Mathieu nos enseña pues cómo la esperanza es algo tangible, cómo la belleza cambia el corazón humano, cómo es imposible categorizar a la persona y que siempre se debe apostar por lo positivo de lo real. Otra vez el director comenta al respecto del protagonista que le gusta poder identificarse con él, sentir que mediante el cine puede conseguir mejorar el mundo. Mathieu se nos presenta como un auténtico bonachón, a vueltas cómico, pero de una seriedad vital pasmosa: siempre es el último, el que sirve, el que se da para que los demás florezcan, el que huye del éxito y los elogios, el que va a lo fundamental de las cosas y no se pierde en la vanidad. Podría decirse que ha fracasado mucho: en la música, en el internado –donde lo echan–, en el amor –vemos su conato de enamoramiento con Violette Morhange (Marie Bunel), la madre de Pierre–, etc. y no obstante, representa la postura del hombre vencedor, de una humanidad cumplida en el bien y lo verdadero. Hasta tal punto es así que es capaz de cambiar las vidas de los chicos, incluyendo la del propio director, aunque la necedad de éste lo empañe luego.

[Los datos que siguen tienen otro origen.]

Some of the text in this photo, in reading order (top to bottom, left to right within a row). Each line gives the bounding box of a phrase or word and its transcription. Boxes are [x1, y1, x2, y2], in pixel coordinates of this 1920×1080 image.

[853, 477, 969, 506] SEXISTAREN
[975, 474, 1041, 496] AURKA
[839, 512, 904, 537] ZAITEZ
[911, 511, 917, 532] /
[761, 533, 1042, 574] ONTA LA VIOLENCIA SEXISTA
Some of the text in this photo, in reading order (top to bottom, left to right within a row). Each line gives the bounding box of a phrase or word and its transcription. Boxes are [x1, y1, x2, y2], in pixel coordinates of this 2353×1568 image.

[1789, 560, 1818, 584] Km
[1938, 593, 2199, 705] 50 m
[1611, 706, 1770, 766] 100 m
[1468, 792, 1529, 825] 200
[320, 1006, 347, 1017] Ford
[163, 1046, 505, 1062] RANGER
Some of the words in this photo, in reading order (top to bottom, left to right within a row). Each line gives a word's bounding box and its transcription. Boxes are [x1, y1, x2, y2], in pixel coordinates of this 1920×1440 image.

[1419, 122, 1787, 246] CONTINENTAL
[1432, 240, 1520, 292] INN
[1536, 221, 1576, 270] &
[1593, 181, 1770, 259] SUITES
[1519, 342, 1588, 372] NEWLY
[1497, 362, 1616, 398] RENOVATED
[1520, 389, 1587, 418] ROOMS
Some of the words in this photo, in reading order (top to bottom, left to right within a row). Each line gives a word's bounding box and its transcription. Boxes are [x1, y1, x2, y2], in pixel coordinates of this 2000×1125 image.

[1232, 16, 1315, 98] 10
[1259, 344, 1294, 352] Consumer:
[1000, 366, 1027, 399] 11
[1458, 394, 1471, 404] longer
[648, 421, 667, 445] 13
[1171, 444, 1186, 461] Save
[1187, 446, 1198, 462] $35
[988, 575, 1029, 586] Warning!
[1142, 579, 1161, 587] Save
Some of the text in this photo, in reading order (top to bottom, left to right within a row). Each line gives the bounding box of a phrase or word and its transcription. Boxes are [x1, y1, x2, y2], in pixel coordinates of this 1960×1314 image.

Una última objeción vendría de una visión buenista del profesor, entendiendo que la pretendida caricaturización, a fin de resaltar la diferencia entre él y Rachin, da pie a caer del otro extremo, es decir, pasar de la norma al aliarse con los alumnos mediante el “colegueo” o haciéndoles concesiones. Pensamos que ello es absolutamente contrario a lo que de hecho muestra la película. En primer lugar, Mathieu comienza su primera clase pidiéndoles a los chicos que escriban quiénes son, es decir, conociéndolos. En segundo lugar, durante toda la película se muestra una mirada del profesor cargada de ternura hacia los chavales, pero con la misma o mayor dosis de realismo. No les exigirá más de lo que pueden dar y se ocupará de ellos para que sean, no para que deban ser. Valga la escena donde intenta chivar la respuesta del examen a Pépinot ante la incapacidad de éste de responder ante el director. Pépinot es el más pequeño y menos instruido de todos, no se puede esperar de él un nivel que nadie se ha encargado de darle, por tanto no hay condescendencia, sino realismo y sentido común. Además, esa objeción implicaría un profesor autorreferencial, es decir, una válvula de escape en ese limbo, un oasis en medio de la inmundicia del colegio. Sin embargo, la propuesta del profesor permea todo el colegio, también al profesor de matemáticas que se apuntará a tocar el piano y al de educación física, que acabará siendo un gran amigo de Mathieu y colaborará en echar al director. En la misma línea Mathieu demuestra su autoridad como persona a la que seguir en la dirección del coro y su saber hacer, cuando leyendo el comportamiento de Morhange lo apartará primero del coro para que su orgullo no le pierda y luego lo perdonará para que entienda lo que es el agradecimiento. Cabe destacar que para chicos que se mueven en una lógica económica de quid pro quo, tanto das, tanto recibes, acción-reacción; la experiencia de gratuidad se torna una experiencia novedosa y que les cambia profundamente.
Otro factor importante y que colabora con lo anterior es el hecho de que el Morhange adulto, famoso director (ha cumplido su vocación gracias a Mathieu), no recuerda el nombre de su vigilante. Es decir, Mathieu transmite una mirada sobre las cosas, un método, una humanidad despierta que hace que los chicos puedan ser hombres; no se transmite a sí mismo. El final de la película habla de cómo la ausencia del padre es superada, que siempre hay un lugar donde recomenzar. Pépinot es un chaval que mantiene la estatura original humana, es decir, la actitud de espera de aquél que debe venir a rescatarle, a cumplirle la vida. Desde su perspectiva de niño ése es su padre, que sin embargo está muerto, pero al que él espera continuamente frente a la verja del internado cada sábado. El sábado que Mathieu es despedido, Pépinot franqueará la verja para implorar al profesor que lo lleve con él. Ser padre no es una mera biología, no es reducible a un rol social o un papel administrativo. Ser padre o educador es introducir en lo real, es un abrazo amoroso que acoge y valora, es hacer que el deseo de totalidad emerja, es hacer una propuesta a la altura de la libertad y del corazón humano, para que el que es niño, mañana sea un hombre.

Marc Massó

lunes, 19 de noviembre de 2012

La vida de los otros


La caída del muro de Berlín dejó al descubierto el verdadero rostro de la vida en el socialismo real, un estado omnipresente que buscaba conocerlo todo de sus ciudadanos para salvaguardar la utopía. A pesar de la abundante información y testimonios que han mostrado al mundo lo que significaba el día a día bajo un régimen comunista, es sorprendente que dicha ideología siga siendo admirada y defendida hoy en día.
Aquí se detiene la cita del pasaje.